To help platforms which which a real-time display viewer does not exist, a viewer exists which is given a GBM filename template and an initial value. It will write a bitmap under that name and increment the value. eg: if passed frame%03d.tif,lzw and an initial value of 20, the refresh method will cause frame020.tif, frame021.tif, frame022.tif, .. etc. to be written (with LZW compression).

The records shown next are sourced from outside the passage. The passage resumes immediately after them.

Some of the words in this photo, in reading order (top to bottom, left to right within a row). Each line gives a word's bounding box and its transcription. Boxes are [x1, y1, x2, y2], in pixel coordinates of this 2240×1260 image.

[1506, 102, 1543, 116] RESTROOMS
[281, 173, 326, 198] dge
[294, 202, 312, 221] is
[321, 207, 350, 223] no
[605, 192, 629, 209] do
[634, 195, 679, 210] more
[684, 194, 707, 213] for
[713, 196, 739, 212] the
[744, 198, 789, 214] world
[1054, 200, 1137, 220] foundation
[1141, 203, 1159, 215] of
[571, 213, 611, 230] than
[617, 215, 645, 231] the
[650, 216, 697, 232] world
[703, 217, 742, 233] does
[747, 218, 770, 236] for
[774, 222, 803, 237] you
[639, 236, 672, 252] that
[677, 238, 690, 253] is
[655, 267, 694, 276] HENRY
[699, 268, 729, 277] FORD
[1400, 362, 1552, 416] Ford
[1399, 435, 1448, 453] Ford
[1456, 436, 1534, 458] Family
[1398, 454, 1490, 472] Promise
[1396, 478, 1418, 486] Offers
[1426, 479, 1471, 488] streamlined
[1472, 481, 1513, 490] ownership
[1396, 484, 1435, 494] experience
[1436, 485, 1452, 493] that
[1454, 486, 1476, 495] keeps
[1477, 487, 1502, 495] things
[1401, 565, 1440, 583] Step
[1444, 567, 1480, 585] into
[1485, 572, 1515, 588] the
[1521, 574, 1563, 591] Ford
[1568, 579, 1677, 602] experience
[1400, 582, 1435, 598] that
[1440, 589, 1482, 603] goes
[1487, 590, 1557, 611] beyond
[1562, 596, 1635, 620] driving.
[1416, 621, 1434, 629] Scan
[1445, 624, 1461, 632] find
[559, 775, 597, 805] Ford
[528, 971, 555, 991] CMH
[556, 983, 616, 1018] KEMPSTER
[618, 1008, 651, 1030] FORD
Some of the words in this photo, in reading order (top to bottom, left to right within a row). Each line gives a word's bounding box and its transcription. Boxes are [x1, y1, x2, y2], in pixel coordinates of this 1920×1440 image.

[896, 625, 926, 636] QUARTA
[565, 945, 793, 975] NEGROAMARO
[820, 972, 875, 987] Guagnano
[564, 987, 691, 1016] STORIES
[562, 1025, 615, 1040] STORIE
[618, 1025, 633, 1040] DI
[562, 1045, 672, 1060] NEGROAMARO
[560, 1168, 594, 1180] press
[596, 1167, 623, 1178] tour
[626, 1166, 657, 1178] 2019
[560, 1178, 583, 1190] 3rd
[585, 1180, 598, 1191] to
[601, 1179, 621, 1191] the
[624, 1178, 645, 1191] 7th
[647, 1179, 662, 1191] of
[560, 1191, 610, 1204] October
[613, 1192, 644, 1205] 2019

3D translations, scales and rotations

The classes representing (x,y,z) vector, colours, surfaces, shapes, viewpoints, polygon and wire-frame operations lists, all have methods allowing them to be translated, scaled and rotated in 3D space.

Usage

When compiling MR itself :-

When writing a program using MR :-

Compilers etc.

MR has recently been enhanced to handle quartics, such as torii. As a result it has to solve quartic equations and it currently uses an analytical approach, using complex numbers. The source is dependant on the standard <complex> header providing a full implementation of template complex<base_type>.

MR should compile fine any any modern ANSI / ISO standard C++ compiler.

On Linux I currently use Fedora 14, and g++.

On MacOSX, currently use Yosemite, XCode (which is clang based) and XQuartz.

On AIX, I use IBM xlC++ (aka Visual Age).

On SunOS, I expect I'd either use the SUNWspro CC, or g++.

On Windows, I use Visual Studio 2013, but with some tweaking of compiler versions, 2008 and 2005 should work.

I've compiled on Windows using mingw-w64 successfully also.

On OS/2, I use to use IBM VisualAge C/C++ 3.0, with CTC306, CTD302 and CTU304 fixes.

The UNIX makefile relys on GNU make.

Public domain declaration

I wrote all this code in my own time on my own equiptment. I hereby place all this code into the public domain. Feel free to do whatever you like with it. No copyright / no royalties / no guarantees / no problem. Caveat Emptor.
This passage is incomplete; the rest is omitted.